[Opening Given records section]

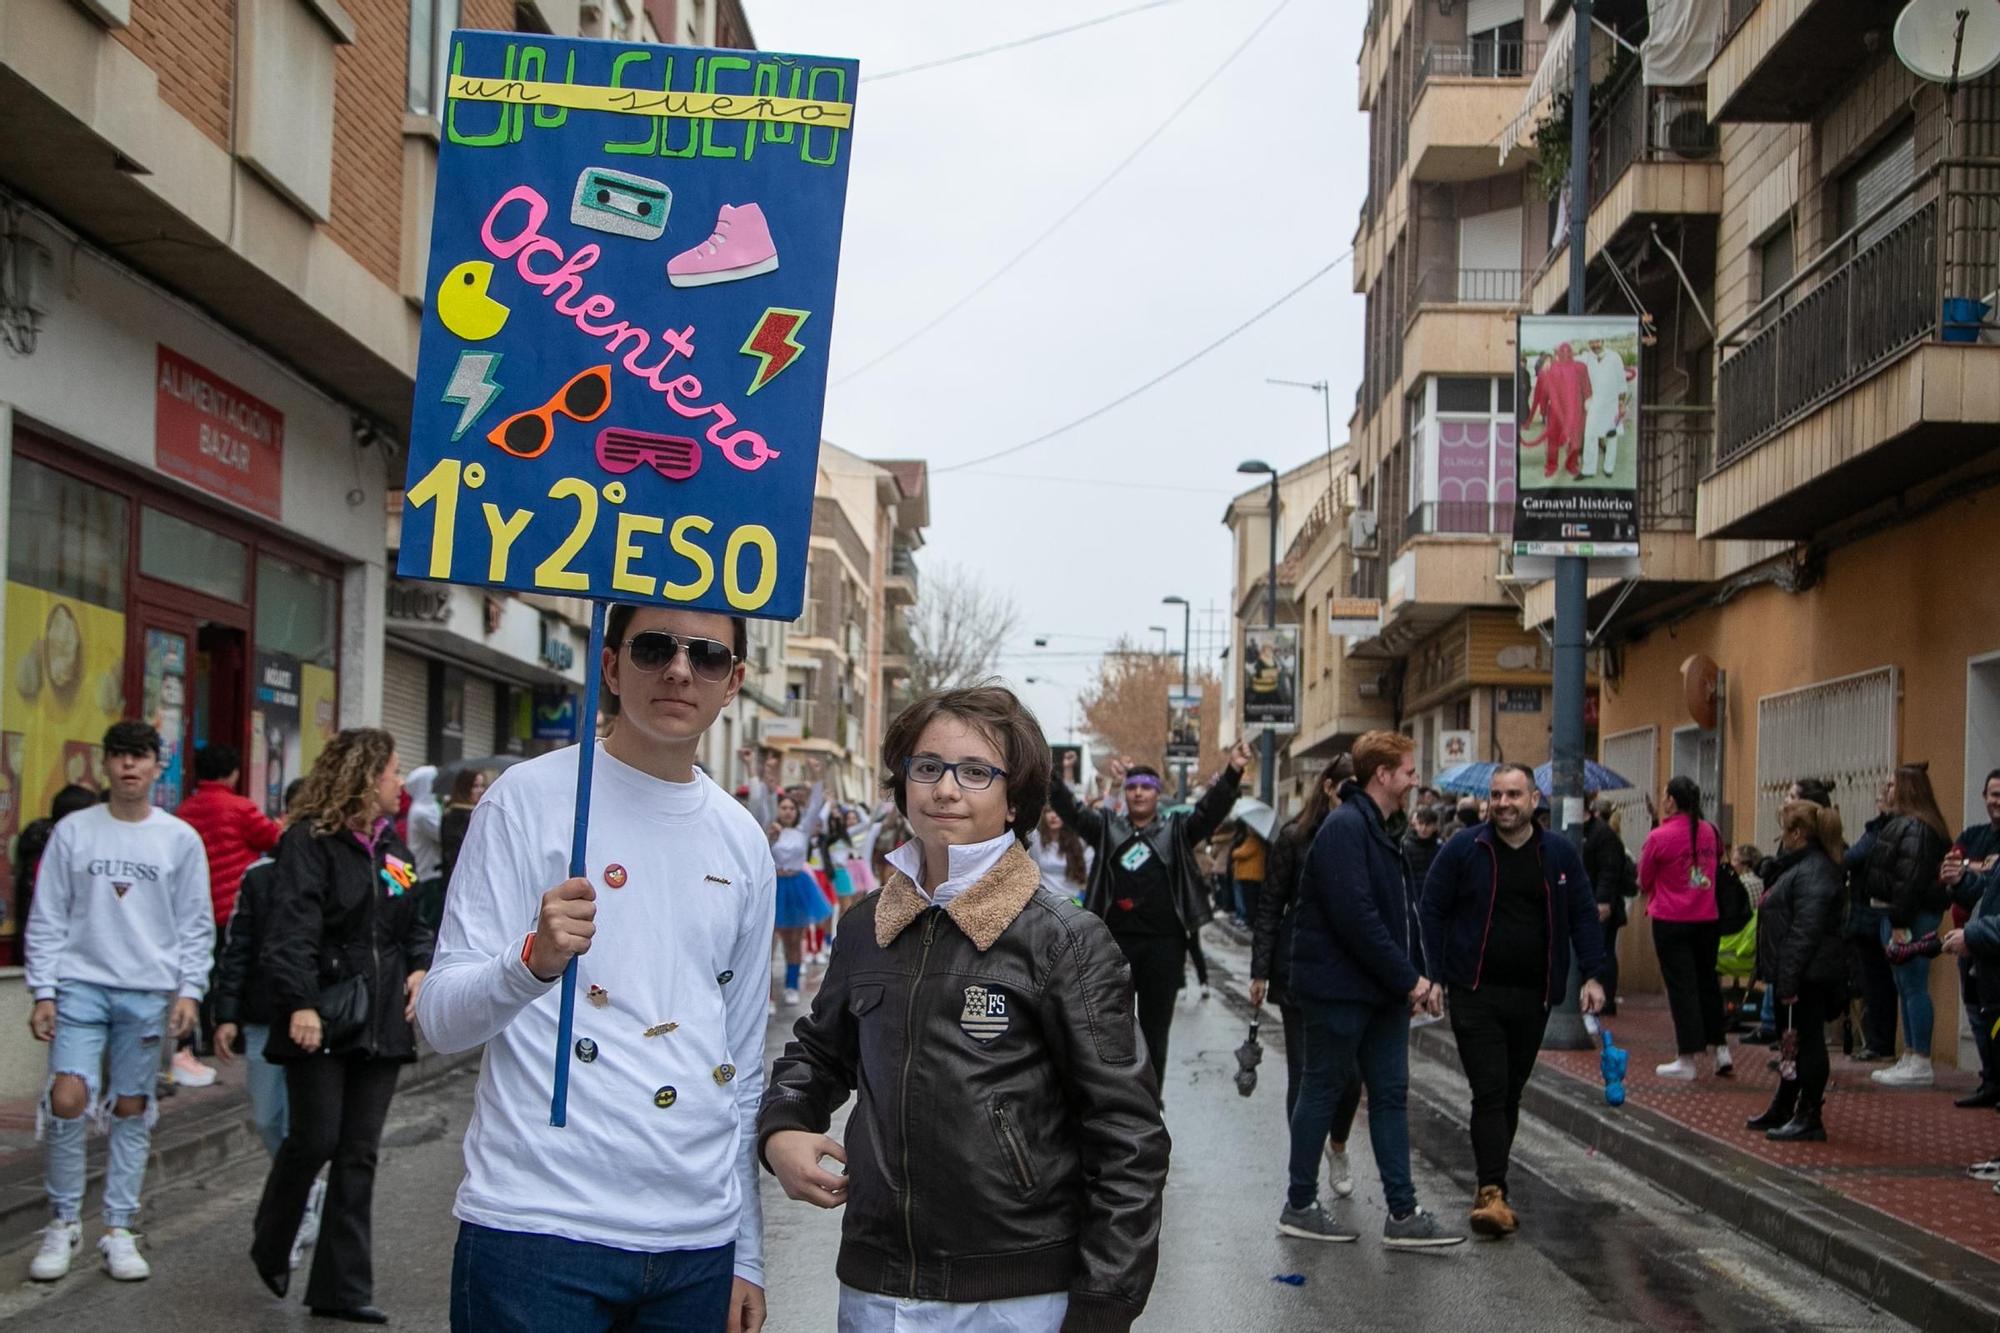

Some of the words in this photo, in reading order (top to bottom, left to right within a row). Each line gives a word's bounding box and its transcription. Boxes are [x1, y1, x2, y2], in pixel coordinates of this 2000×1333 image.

[458, 79, 541, 100] un
[608, 86, 847, 121] sueño
[604, 53, 846, 167] SUEÑO
[480, 185, 781, 471] Ochentero
[201, 423, 250, 473] BAZAR
[1522, 496, 1577, 510] Carnaval
[1579, 496, 1633, 511] histórico
[482, 502, 535, 583] Y
[612, 512, 778, 612] ESO
[87, 858, 161, 881] GUESS
[987, 994, 1005, 1014] FS

[Closing Given records section]

» What you will do
Output the material word for word. Pictures do not go in.

» Exercise solution
Some of the words in this photo, in reading order (top to bottom, left to right within a row). Each line gives a word's bounding box and its transcription. Boxes are [x1, y1, x2, y2], in pixel coordinates of this 2000×1333 image.

[458, 79, 541, 100] un
[608, 86, 847, 121] sueño
[604, 53, 846, 167] SUEÑO
[480, 185, 781, 471] Ochentero
[201, 423, 250, 473] BAZAR
[1522, 496, 1577, 510] Carnaval
[1579, 496, 1633, 511] histórico
[482, 502, 535, 583] Y
[612, 512, 778, 612] ESO
[87, 858, 161, 881] GUESS
[987, 994, 1005, 1014] FS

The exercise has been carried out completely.